Copy all the records word for word, apart from any pictures.

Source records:
----
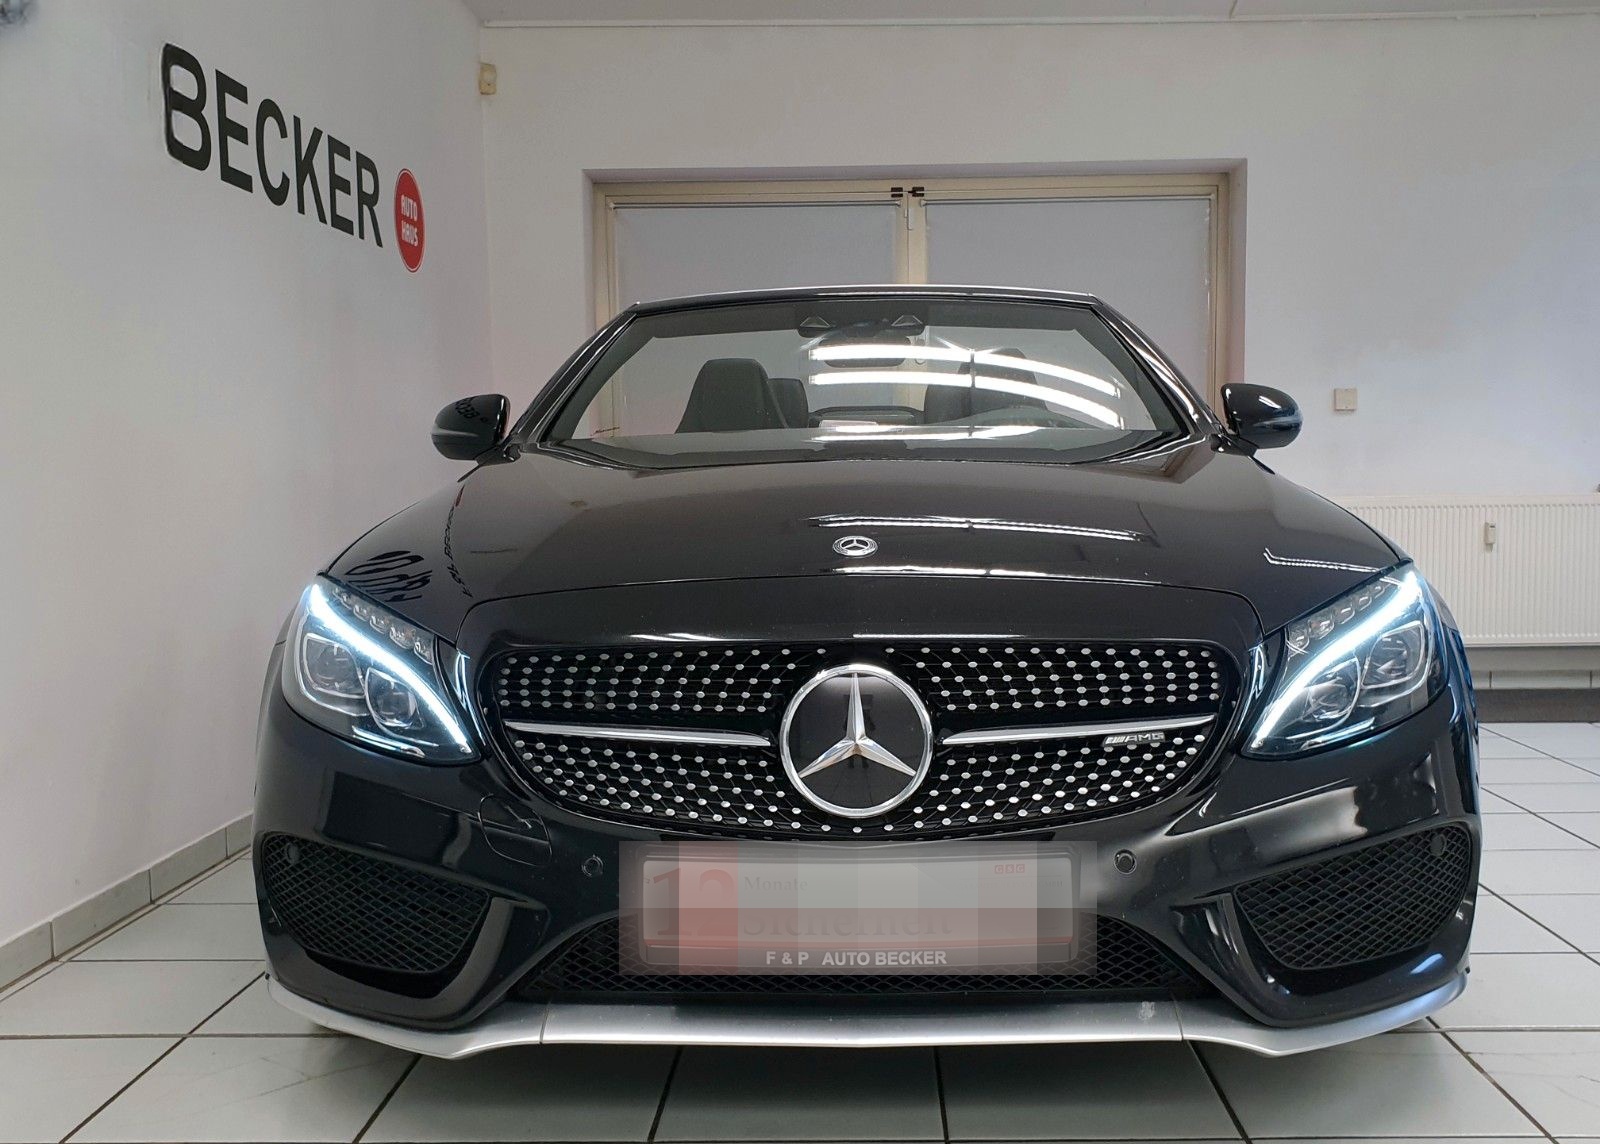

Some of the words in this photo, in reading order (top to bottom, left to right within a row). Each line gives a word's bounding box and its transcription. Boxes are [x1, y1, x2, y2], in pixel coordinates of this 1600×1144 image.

[161, 43, 383, 248] BECKER
[401, 194, 418, 222] AUTO
[401, 220, 419, 247] HAUS
[1124, 732, 1165, 743] AMG
[993, 863, 1026, 875] GSG
[743, 875, 809, 892] Monate
[653, 867, 737, 936] 12
[766, 951, 777, 965] F
[781, 951, 793, 965] &
[798, 951, 810, 965] P
[821, 951, 871, 966] AUTO
[874, 950, 947, 966] BECKER
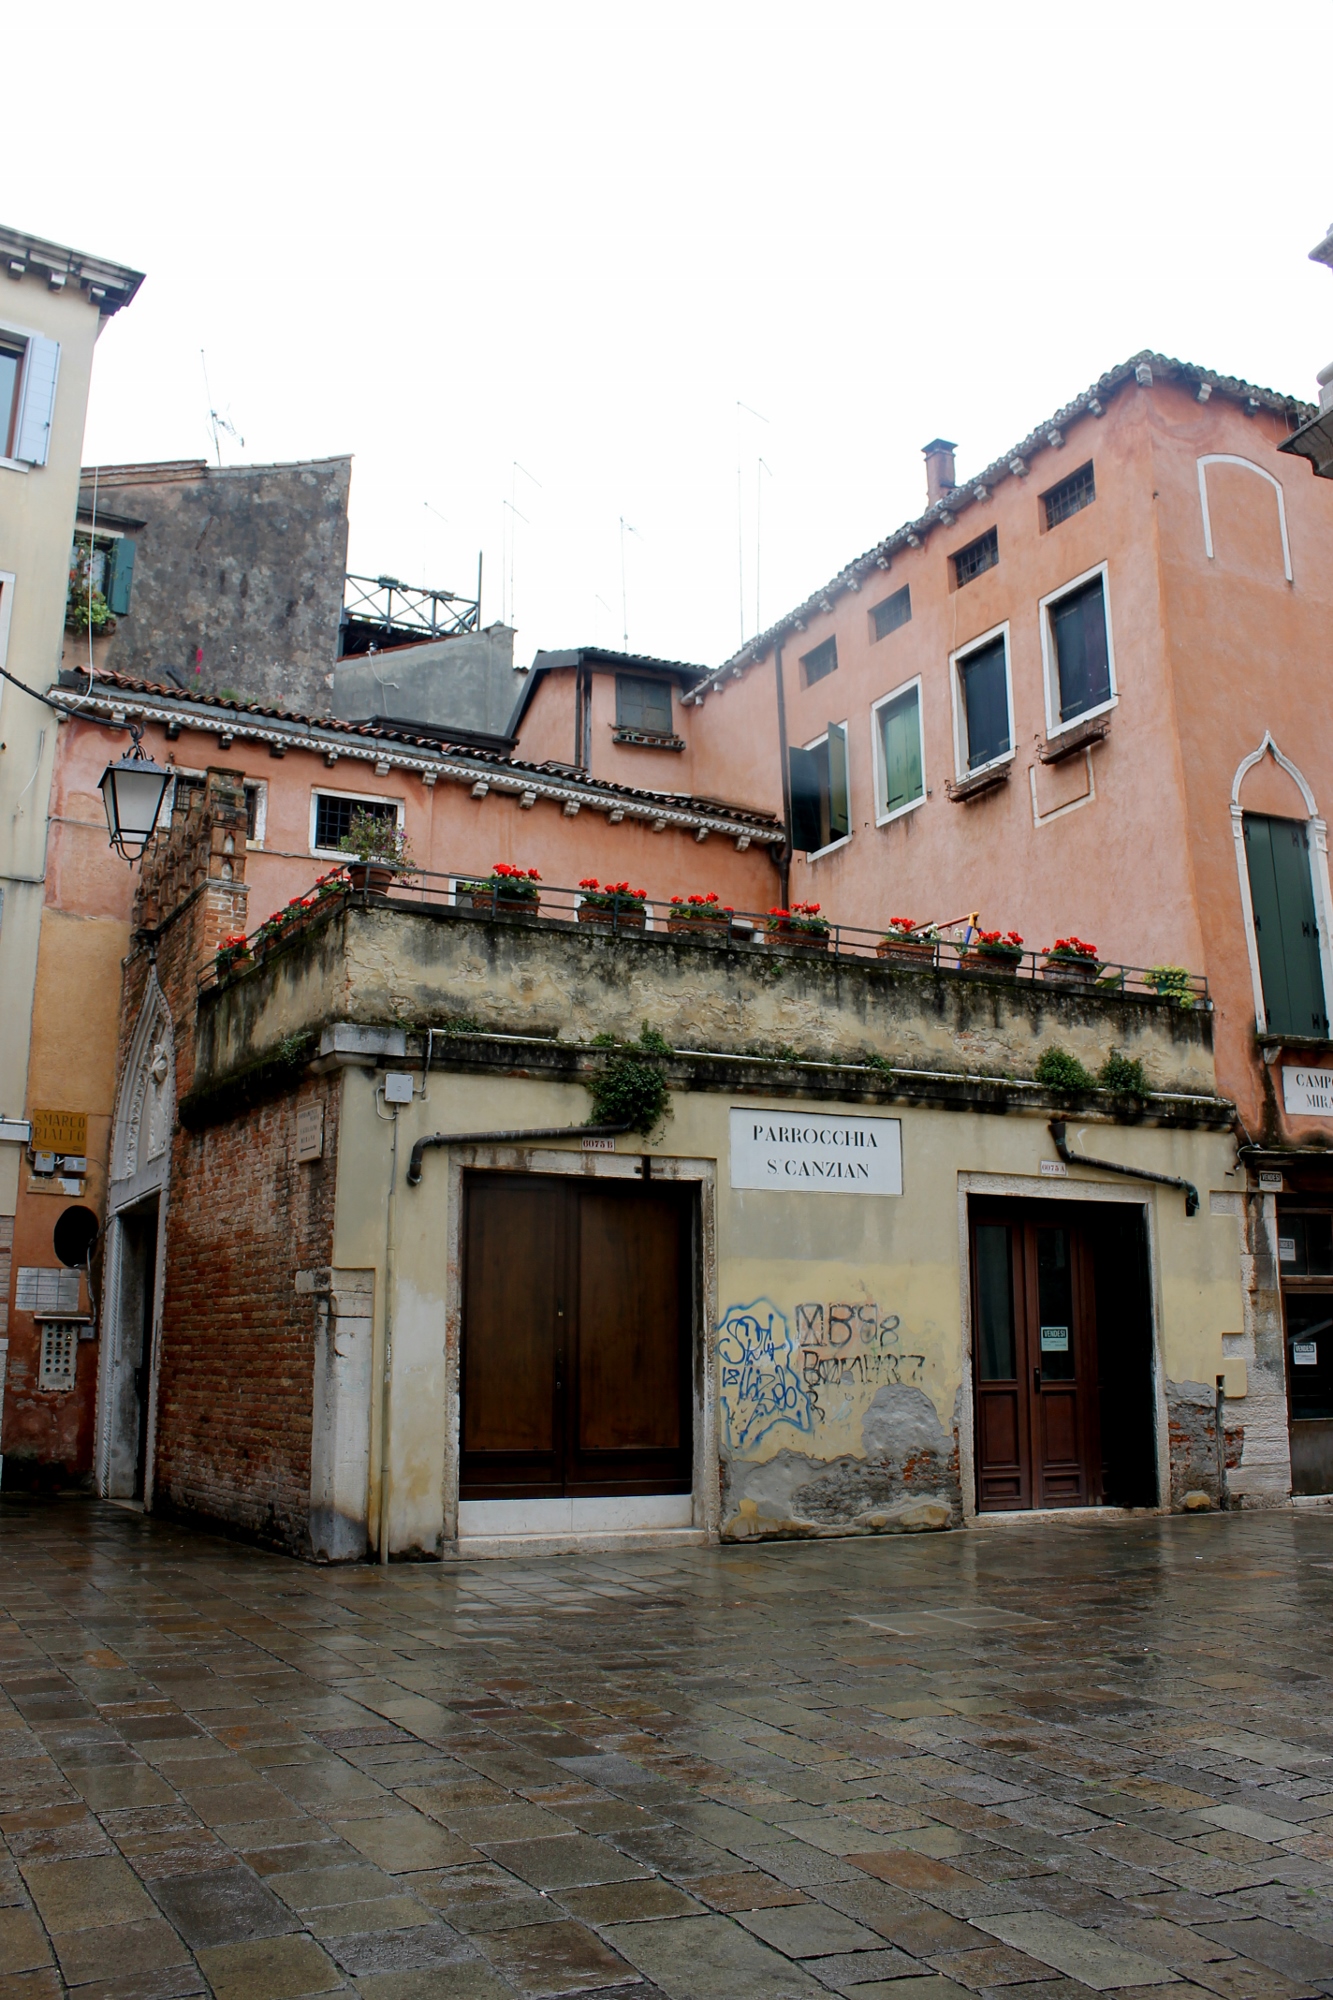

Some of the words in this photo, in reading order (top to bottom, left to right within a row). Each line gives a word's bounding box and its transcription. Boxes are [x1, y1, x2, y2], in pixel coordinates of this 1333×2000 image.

[1296, 1074, 1333, 1089] CAMP
[34, 1127, 84, 1142] RIALTO
[753, 1125, 878, 1148] PARROCCHIA
[583, 1140, 605, 1148] 6075
[784, 1160, 869, 1178] CANZIAN
[1044, 1330, 1066, 1338] VENDESI
[1296, 1344, 1314, 1352] VENDESI
----
Answer section:
Some of the words in this photo, in reading order (top to bottom, left to right within a row). Each line gives a word's bounding box and its transcription. Boxes are [x1, y1, x2, y2], in pixel coordinates of this 1600×1144 image.

[161, 43, 383, 248] BECKER
[401, 194, 418, 222] AUTO
[401, 220, 419, 247] HAUS
[1124, 732, 1165, 743] AMG
[993, 863, 1026, 875] GSG
[743, 875, 809, 892] Monate
[653, 867, 737, 936] 12
[766, 951, 777, 965] F
[781, 951, 793, 965] &
[798, 951, 810, 965] P
[821, 951, 871, 966] AUTO
[874, 950, 947, 966] BECKER

Some of the words in this photo, in reading order (top to bottom, left to right within a row). Each line gives a word's bounding box and its transcription. Boxes are [x1, y1, x2, y2], in pixel coordinates of this 1333×2000 image.

[1296, 1074, 1333, 1089] CAMP
[34, 1127, 84, 1142] RIALTO
[753, 1125, 878, 1148] PARROCCHIA
[583, 1140, 605, 1148] 6075
[784, 1160, 869, 1178] CANZIAN
[1044, 1330, 1066, 1338] VENDESI
[1296, 1344, 1314, 1352] VENDESI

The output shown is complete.